Researchers from the University of Washington identified 740 primary care patients with bipolar disorder in the statewide mental health integration program (MHIP) between January 2008 and December 2011 using the Composite International Diagnostic Interview and clinician diagnosis. The MHIP uses collaborative care based on the IMPACT model (Improving Mood–Promoting Access to Collaborative Treatment) to improve recognition and systematic treatment of patients with psychiatric disorders in primary care settings.

Primary care patients with bipolar disorder had high symptom severity on both depression and anxiety measures using the Patient Health Questionnaire and the Generalized Anxiety Disorder scale. Psychosocial problems were common, with approximately 53% reporting concerns about housing, 15% reporting homelessness, and 22% reporting lack of a support person. Yet only 26% of patients were referred to specialty mental health treatment.

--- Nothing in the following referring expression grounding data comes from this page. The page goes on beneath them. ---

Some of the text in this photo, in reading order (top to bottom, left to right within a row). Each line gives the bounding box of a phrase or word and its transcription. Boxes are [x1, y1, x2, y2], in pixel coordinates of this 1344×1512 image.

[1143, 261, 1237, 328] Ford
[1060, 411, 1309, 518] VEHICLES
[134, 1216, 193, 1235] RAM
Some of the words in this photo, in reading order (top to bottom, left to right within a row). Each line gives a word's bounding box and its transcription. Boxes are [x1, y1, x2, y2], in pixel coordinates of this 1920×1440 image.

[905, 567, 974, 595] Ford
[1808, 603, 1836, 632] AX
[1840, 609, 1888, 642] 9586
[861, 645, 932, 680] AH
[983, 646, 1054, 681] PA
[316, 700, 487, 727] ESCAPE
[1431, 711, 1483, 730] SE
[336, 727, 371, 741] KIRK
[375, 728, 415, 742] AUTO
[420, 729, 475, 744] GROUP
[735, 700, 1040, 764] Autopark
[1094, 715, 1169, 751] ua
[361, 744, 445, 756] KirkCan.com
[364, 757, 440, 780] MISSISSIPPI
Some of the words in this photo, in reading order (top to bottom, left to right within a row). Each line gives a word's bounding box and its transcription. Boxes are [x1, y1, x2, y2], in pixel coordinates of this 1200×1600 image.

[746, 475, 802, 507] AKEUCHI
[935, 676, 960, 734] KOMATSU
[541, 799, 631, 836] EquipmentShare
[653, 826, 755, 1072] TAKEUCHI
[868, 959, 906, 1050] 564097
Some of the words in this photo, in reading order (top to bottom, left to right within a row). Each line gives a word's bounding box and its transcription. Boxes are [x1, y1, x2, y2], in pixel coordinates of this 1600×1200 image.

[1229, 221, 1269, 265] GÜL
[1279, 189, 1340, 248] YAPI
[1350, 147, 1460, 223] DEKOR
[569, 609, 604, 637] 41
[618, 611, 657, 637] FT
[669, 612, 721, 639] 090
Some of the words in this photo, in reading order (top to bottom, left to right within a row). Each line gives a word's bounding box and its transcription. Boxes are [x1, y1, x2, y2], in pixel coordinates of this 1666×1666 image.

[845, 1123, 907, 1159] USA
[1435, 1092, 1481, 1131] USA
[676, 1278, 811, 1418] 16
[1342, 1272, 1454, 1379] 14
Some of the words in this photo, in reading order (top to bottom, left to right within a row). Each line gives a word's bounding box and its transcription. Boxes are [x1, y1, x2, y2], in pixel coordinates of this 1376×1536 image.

Study co-author Wayne Katon, M.D. (photo above), vice chair of the Department of Psychiatry at the University of Washington, said that the study indicates that these patients may need more-intensive care than is currently provided in a collaborative care model, in which a care manager, supervised by a psychiatrist, provides the direct patient care. “The importance of this article is that the U.S. federally qualified primary care clinics, as well as many primary care clinics that treat both uninsured and Medicaid patients, are likely to have a significant percentage of patients with bipolar illness, especially bipolar 2 illness,” Katon told Psychiatric News. “This article emphasizes that despite the fact that only about one-third improve with treatment in these clinics, few are being referred to community mental health clinics or actually attend when referred. These clinics already had integrated collaborative care—that is, the use of a care manager supervised by a psychiatrist—so the inference is that these patients may need more-intensive psychiatric treatment, which could occur if psychiatrists are integrated into the clinics either in person or via telemedicine. Alternatively, the clinics need to establish better links with community mental health.”